Word for word, print each record, dropping any image it holds.

___ PROVIDED DATA ___

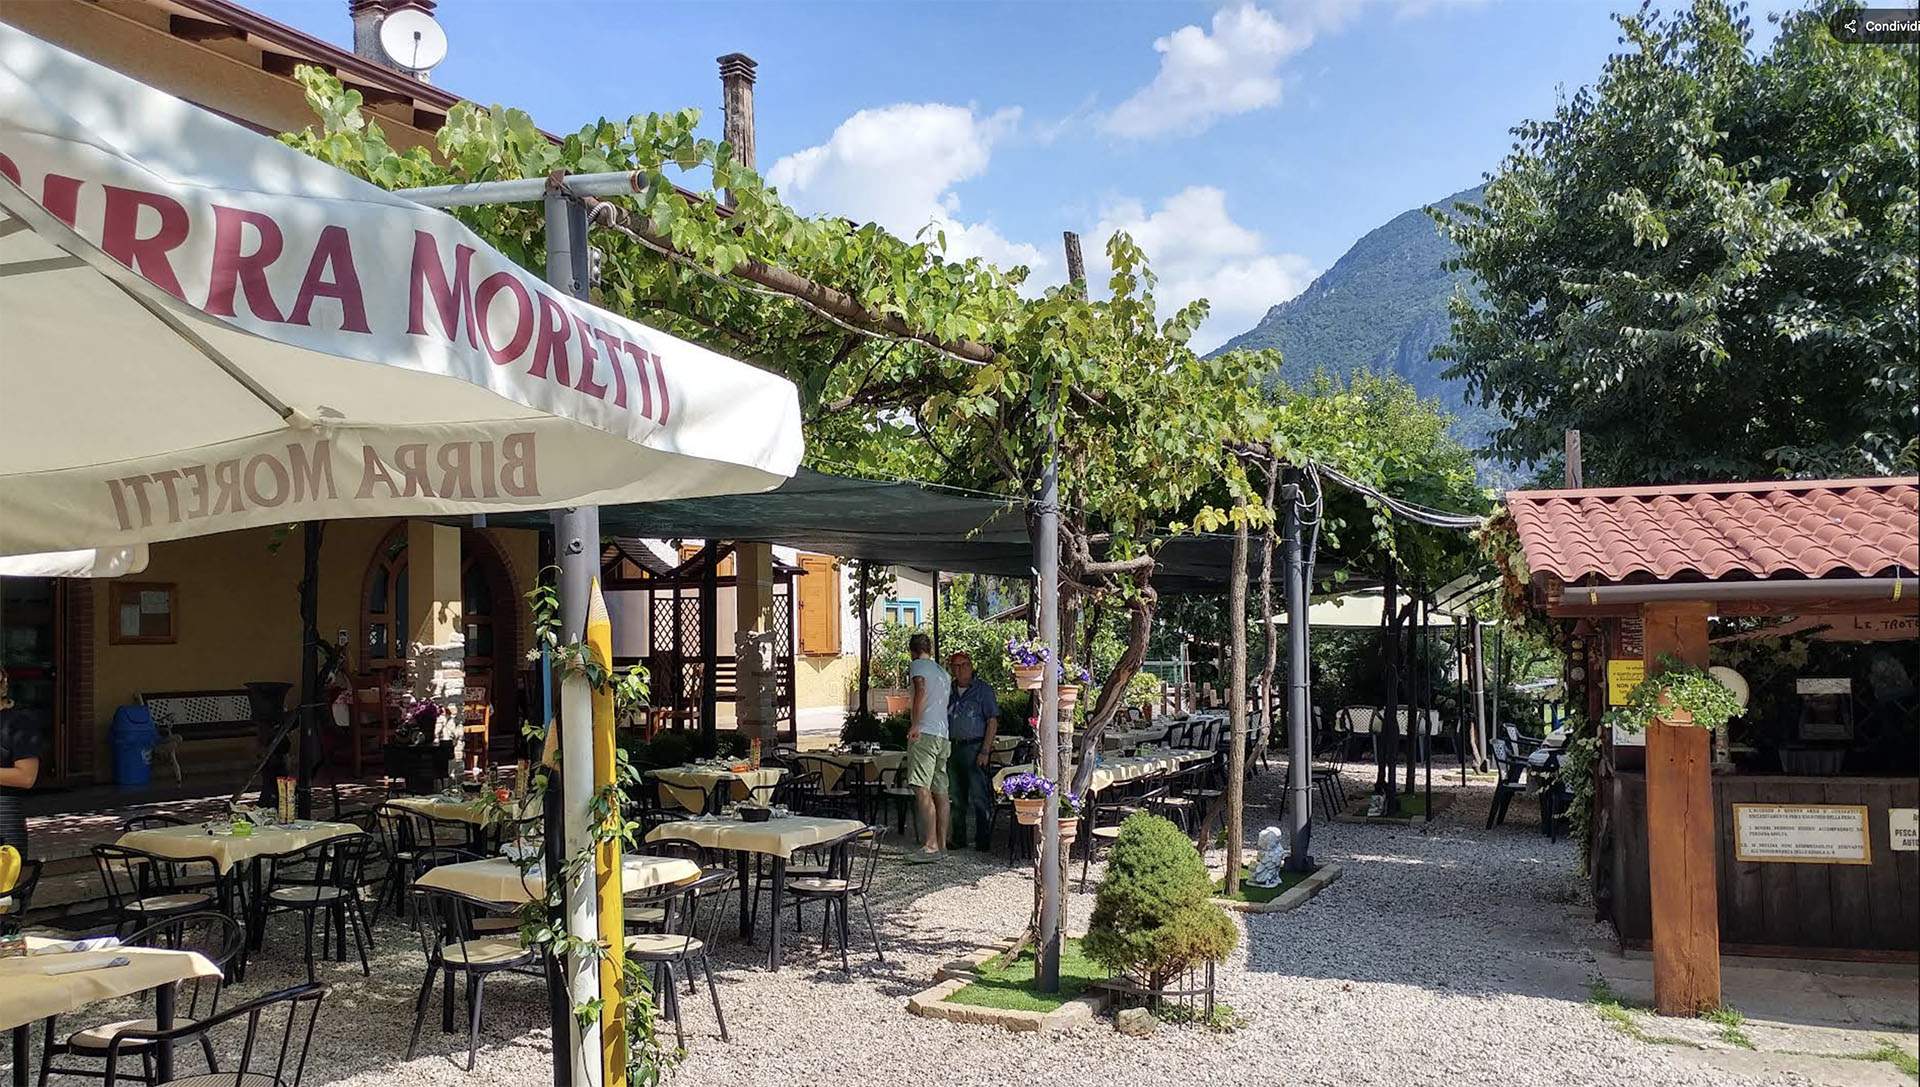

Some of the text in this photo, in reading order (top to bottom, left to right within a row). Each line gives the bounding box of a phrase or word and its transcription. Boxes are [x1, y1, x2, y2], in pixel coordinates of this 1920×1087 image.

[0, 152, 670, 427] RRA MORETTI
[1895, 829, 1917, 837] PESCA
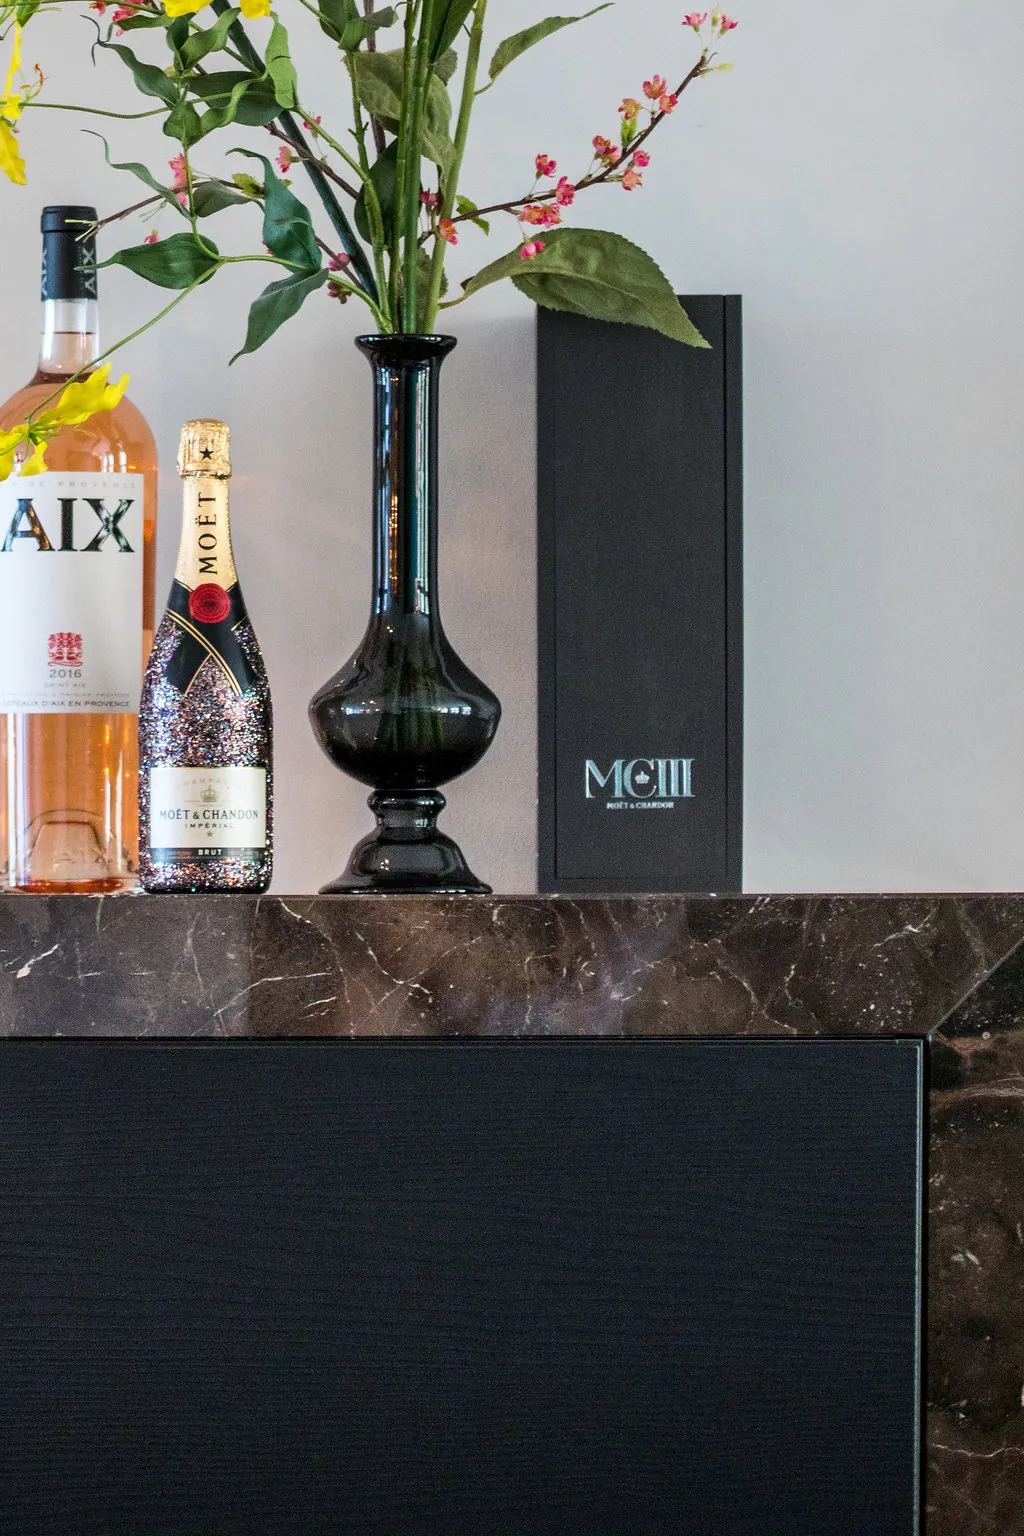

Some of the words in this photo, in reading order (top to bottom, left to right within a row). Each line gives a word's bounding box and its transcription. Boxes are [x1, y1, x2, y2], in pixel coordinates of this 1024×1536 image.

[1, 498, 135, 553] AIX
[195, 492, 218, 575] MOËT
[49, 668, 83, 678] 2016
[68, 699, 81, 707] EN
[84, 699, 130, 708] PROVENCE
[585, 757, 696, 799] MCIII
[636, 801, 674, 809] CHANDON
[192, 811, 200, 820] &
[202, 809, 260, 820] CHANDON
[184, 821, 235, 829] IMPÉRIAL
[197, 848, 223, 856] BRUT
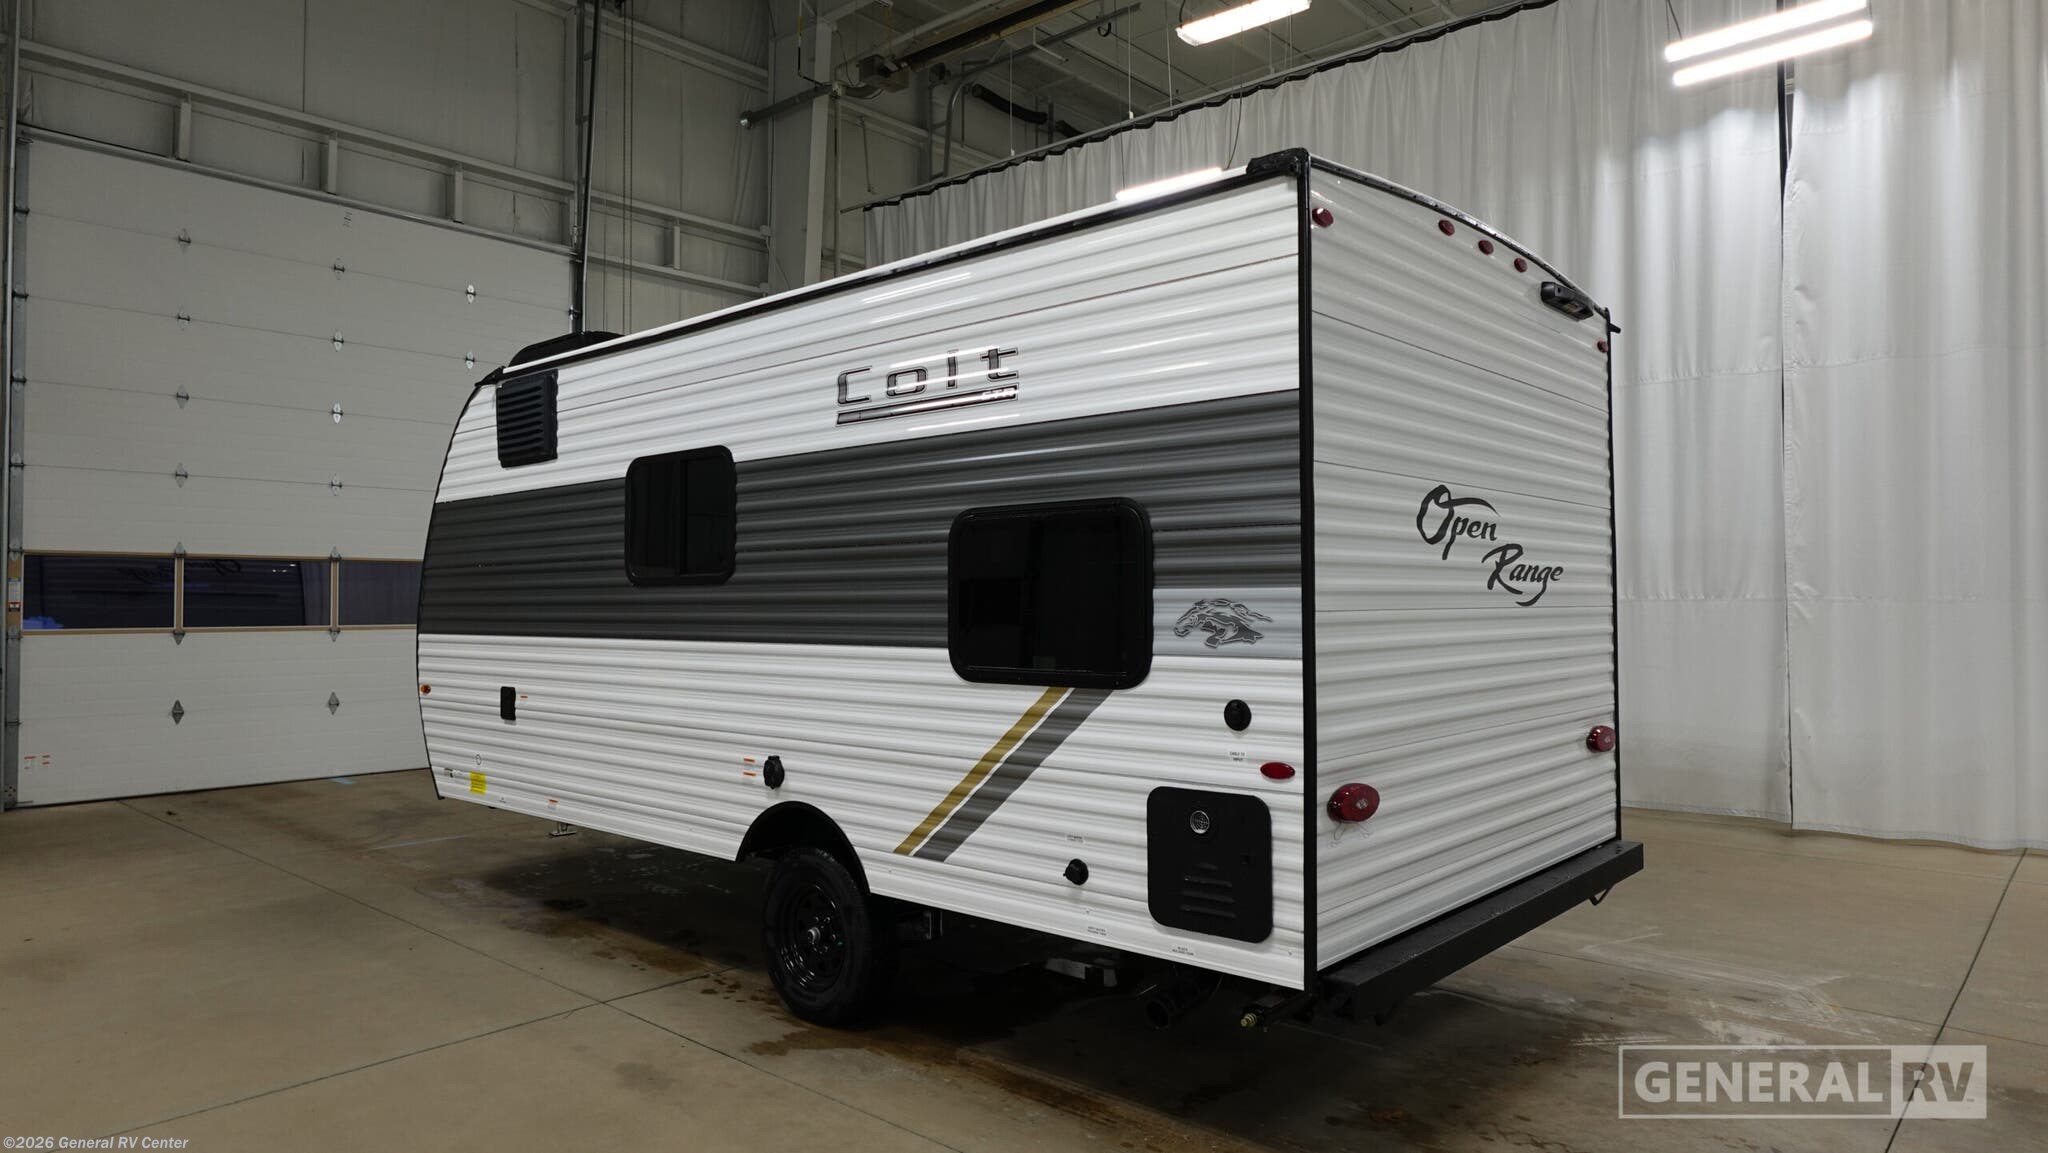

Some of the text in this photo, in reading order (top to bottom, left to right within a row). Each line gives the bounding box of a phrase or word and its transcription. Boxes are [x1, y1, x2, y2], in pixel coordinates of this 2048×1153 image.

___

> _ANSWER TO THE PROBLEM_:
Some of the text in this photo, in reading order (top to bottom, left to right within a row). Each line gives the bounding box of a phrase or word and its transcription. Boxes are [x1, y1, x2, y2], in pixel coordinates of this 1920×1087 image.

[0, 152, 670, 427] RRA MORETTI
[1895, 829, 1917, 837] PESCA

Some of the words in this photo, in reading order (top to bottom, left to right within a row). Each line gives a word's bounding box and its transcription. Boxes are [x1, y1, x2, y2], in pixel coordinates of this 1024×1536 image.

[1, 498, 135, 553] AIX
[195, 492, 218, 575] MOËT
[49, 668, 83, 678] 2016
[68, 699, 81, 707] EN
[84, 699, 130, 708] PROVENCE
[585, 757, 696, 799] MCIII
[636, 801, 674, 809] CHANDON
[192, 811, 200, 820] &
[202, 809, 260, 820] CHANDON
[184, 821, 235, 829] IMPÉRIAL
[197, 848, 223, 856] BRUT

Some of the text in this photo, in reading order (top to bottom, left to right within a row). Each line gives the bounding box of a phrase or word and its transcription. Boxes are [x1, y1, x2, y2], in pixel coordinates of this 2048×1153 image.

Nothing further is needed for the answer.